La France, qui veut éviter les troubles, avance avec prudence. Elle négocie. Elle concède. Elle attend. Elle finit par intégrer la baronnerie, mais tardivement, et non sans concessions. Étrœungt devient l’un des symboles de la résistance des pairies du Hainaut face à la centralisation française.
1678 : Maubeuge devient française, les pairies s’effacent
En 1678, le traité de Nimègue achève la conquête. Maubeuge devient française. L’ensemble de l’Avesnois entre dans le royaume. La France peut désormais appliquer pleinement son administration. Les pairies, déjà affaiblies, commencent à disparaître. Le bailliage d’Avesnes absorbe leurs compétences. Les intendants imposent leurs règlements. Les subdélégués contrôlent les marchés, les milices, les routes. Les coutumes locales subsistent, mais elles sont désormais encadrées par la justice royale.
Entre 1680 et 1700, les pairies s’effacent progressivement. Certaines disparaissent sans bruit. D’autres résistent encore. Mais toutes finissent par être intégrées dans le système français. Le monde féodal du Hainaut s’éteint. Un nouveau monde administratif naît.
Chronologie narrative des pairies dans l’Avesnois (1659–1700)

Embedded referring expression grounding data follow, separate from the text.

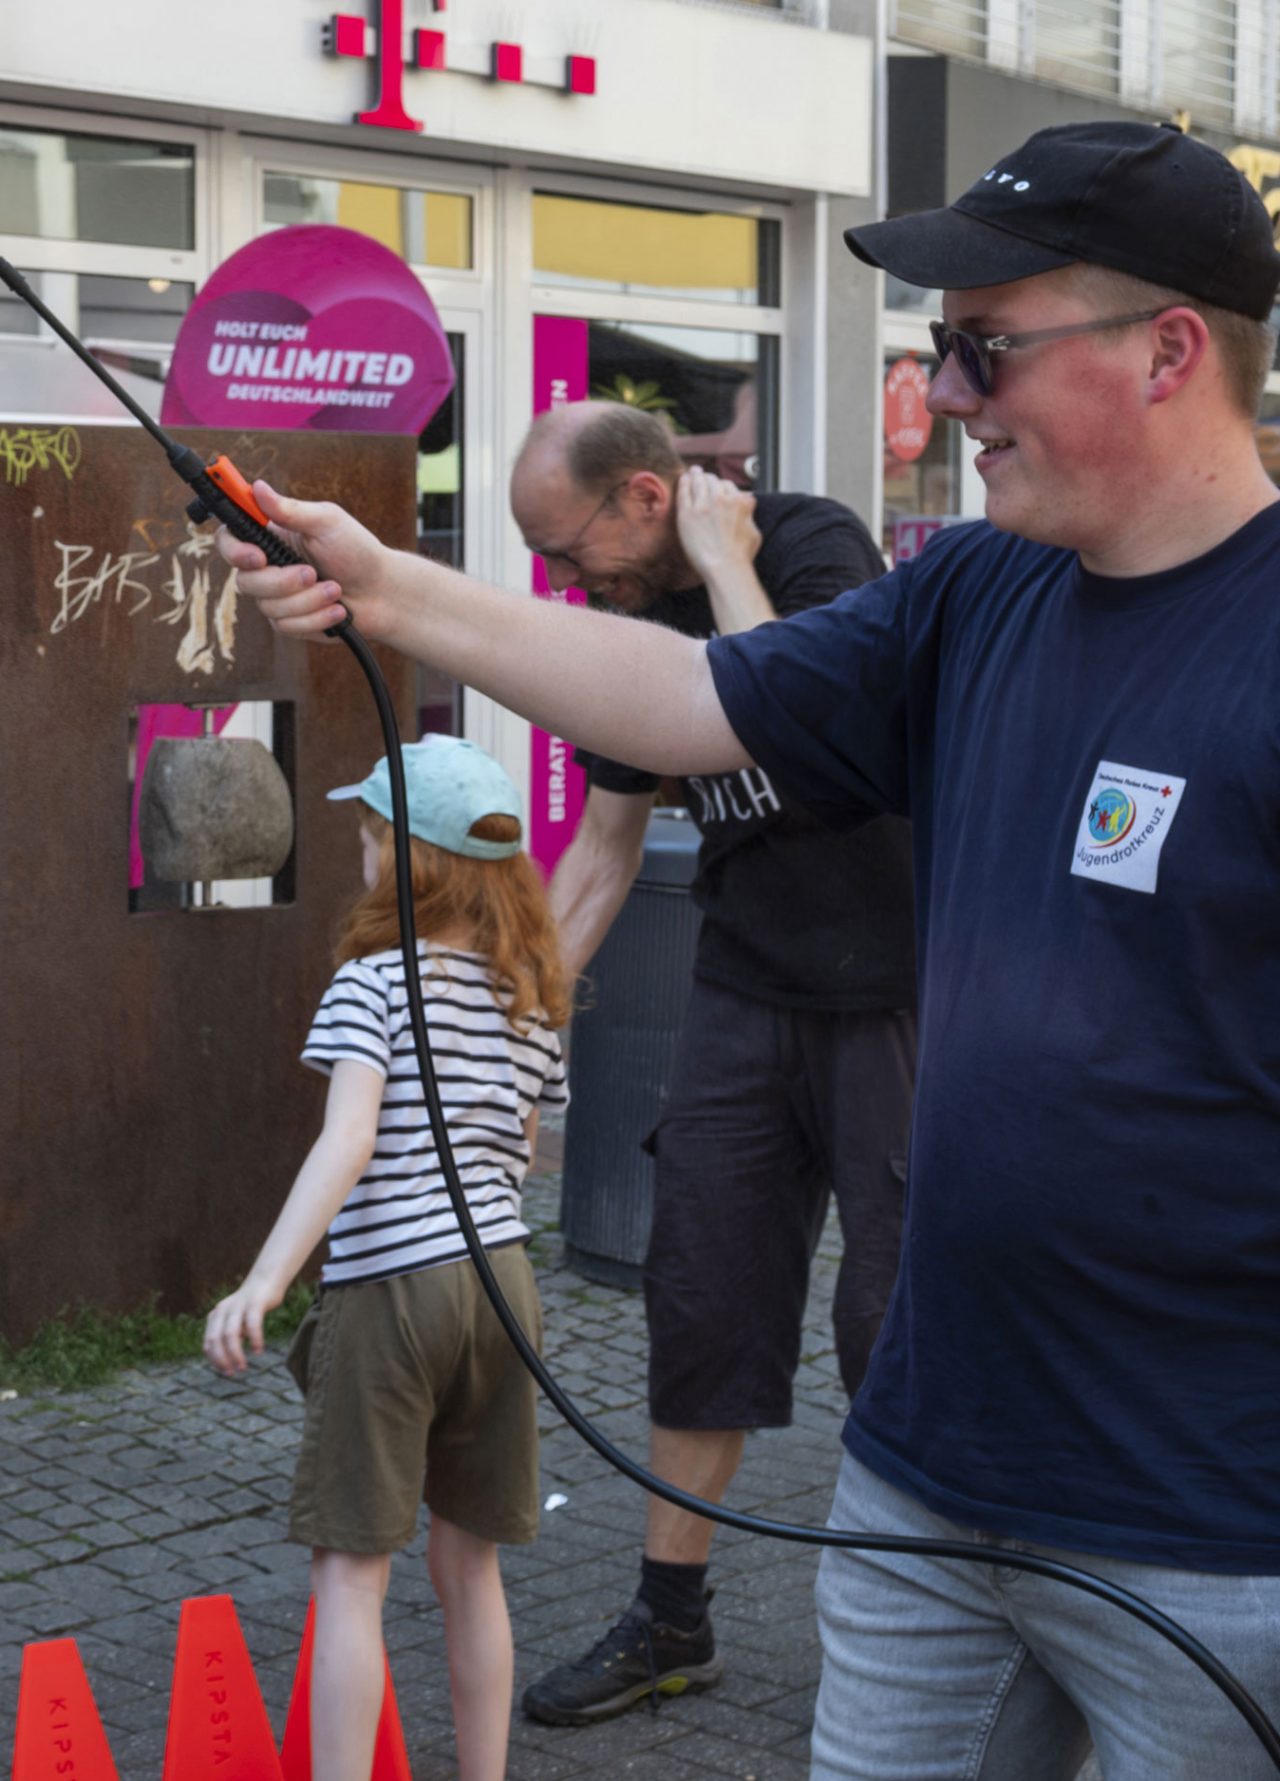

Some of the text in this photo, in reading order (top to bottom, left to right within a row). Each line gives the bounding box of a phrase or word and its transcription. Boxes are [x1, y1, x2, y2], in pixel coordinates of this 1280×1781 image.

[214, 320, 308, 341] HOLT EUCH
[207, 343, 415, 387] UNLIMITED
[226, 383, 395, 409] DEUTSCHLANDWEIT
[1077, 806, 1165, 867] Jugendrotkreuz
[205, 1650, 232, 1766] KIPSTA
[48, 1698, 76, 1781] KIPS

En 1659, lorsque le traité des Pyrénées cède une partie de l’Avesnois à la France, les pairies du Hainaut sont encore intactes. Elles exercent leurs droits de justice, maintiennent leurs coutumes, protègent leurs privilèges. Rien ne semble devoir troubler leur ancien ordre.
En 1661, l’édit créant le bailliage royal d’Avesnes marque la première fissure. La justice royale s’installe, les officiers seigneuriaux doivent composer avec les représentants du roi, les pairies commencent à perdre de leur autonomie.

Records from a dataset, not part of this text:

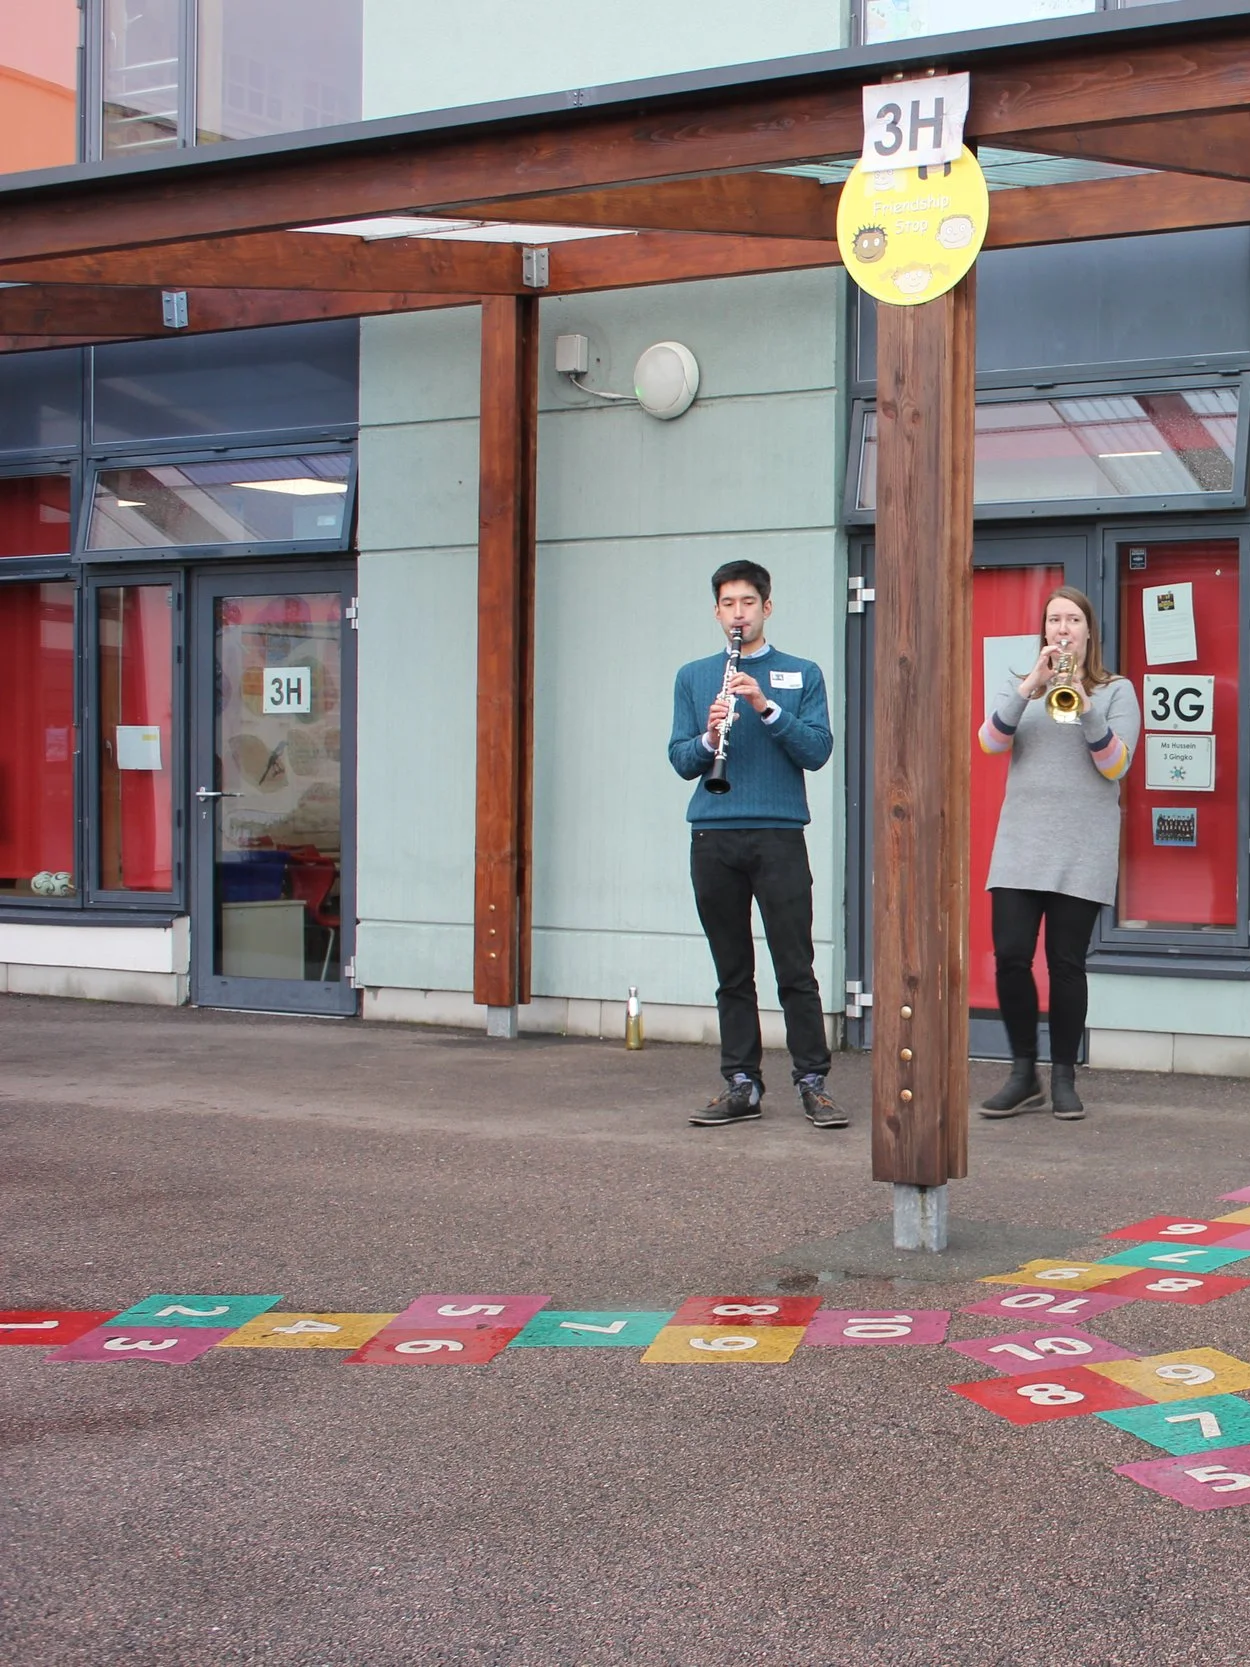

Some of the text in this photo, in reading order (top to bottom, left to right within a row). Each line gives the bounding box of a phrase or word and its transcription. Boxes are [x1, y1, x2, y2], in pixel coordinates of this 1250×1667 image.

[873, 97, 945, 156] 3H
[872, 194, 950, 217] Friendship
[894, 218, 929, 236] Stop
[270, 677, 302, 706] 3H
[1151, 686, 1204, 722] 3G
[1168, 753, 1193, 761] Gingko
[1148, 1250, 1209, 1264] 7
[1145, 1277, 1204, 1292] 8
[154, 1305, 230, 1317] 2
[437, 1304, 506, 1317] 5
[713, 1304, 780, 1316] 8
[1000, 1293, 1090, 1315] 10
[273, 1319, 342, 1334] 4
[560, 1320, 628, 1334] 7
[843, 1315, 914, 1339] 10
[103, 1337, 179, 1351] 3
[988, 1337, 1094, 1360] 10
[1154, 1363, 1216, 1386] 9
[1016, 1383, 1085, 1405] 8
[1165, 1411, 1222, 1439] 7

Entre 1661 et 1678, la France avance prudemment. Elle maintient les coutumes, négocie avec les seigneurs, intègre progressivement les juridictions locales. Certaines pairies s’effacent sans bruit. D’autres résistent. La baronnerie d’Étrœungt, surtout, défend ses privilèges avec ténacité.

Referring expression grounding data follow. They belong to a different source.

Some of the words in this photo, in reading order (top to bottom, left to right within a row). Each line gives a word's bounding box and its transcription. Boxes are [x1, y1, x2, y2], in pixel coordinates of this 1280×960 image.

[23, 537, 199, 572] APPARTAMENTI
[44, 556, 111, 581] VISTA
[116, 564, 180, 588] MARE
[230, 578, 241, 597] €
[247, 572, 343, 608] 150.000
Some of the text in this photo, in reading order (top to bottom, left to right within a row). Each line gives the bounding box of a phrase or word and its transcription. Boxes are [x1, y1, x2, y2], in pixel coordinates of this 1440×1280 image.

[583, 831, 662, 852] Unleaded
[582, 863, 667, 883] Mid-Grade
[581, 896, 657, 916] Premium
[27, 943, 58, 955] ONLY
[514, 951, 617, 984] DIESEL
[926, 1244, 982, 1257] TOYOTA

En 1678, le traité de Nimègue achève la conquête. Maubeuge devient française. L’ensemble de l’Avesnois entre dans le royaume. Les pairies, déjà affaiblies, s’effacent peu à peu. Le bailliage absorbe leurs compétences. Les intendants imposent leurs règlements. Les anciennes juridictions du Hainaut disparaissent dans les dernières années du siècle.
Ainsi, entre 1659 et 1700, les pairies du Hainaut ont vécu une lente extinction, une disparition progressive, une intégration sans rupture.
Conclusion : la fin d’un monde, la naissance d’un autre
Entre 1659 et 1700, les pairies du Hainaut dans l’Avesnois ont vécu une lente disparition. Elles ont résisté, contesté, négocié. Elles ont tenté de préserver leurs coutumes, leurs privilèges, leurs identités. Certaines ont cédé rapidement. D’autres ont tenu longtemps. La baronnerie d’Étrœungt, surtout, a incarné cette résistance tenace, cette volonté de conserver un monde ancien face à la centralisation monarchique.
Mais la France, patiente, prudente, déterminée, a fini par imposer son administration. Le bailliage d’Avesnes, les intendants, les subdélégués, les parlements ont absorbé les anciennes juridictions. Les pairies ont disparu. Le Hainaut féodal s’est effacé. L’Avesnois est devenu français, non seulement par les traités, mais par ses institutions.
Ainsi s’est achevée l’histoire des pairies dans l’Avesnois : une disparition sans violence, une résistance sans révolte, une intégration sans rupture. La fin d’un monde ancien, la naissance d’un autre.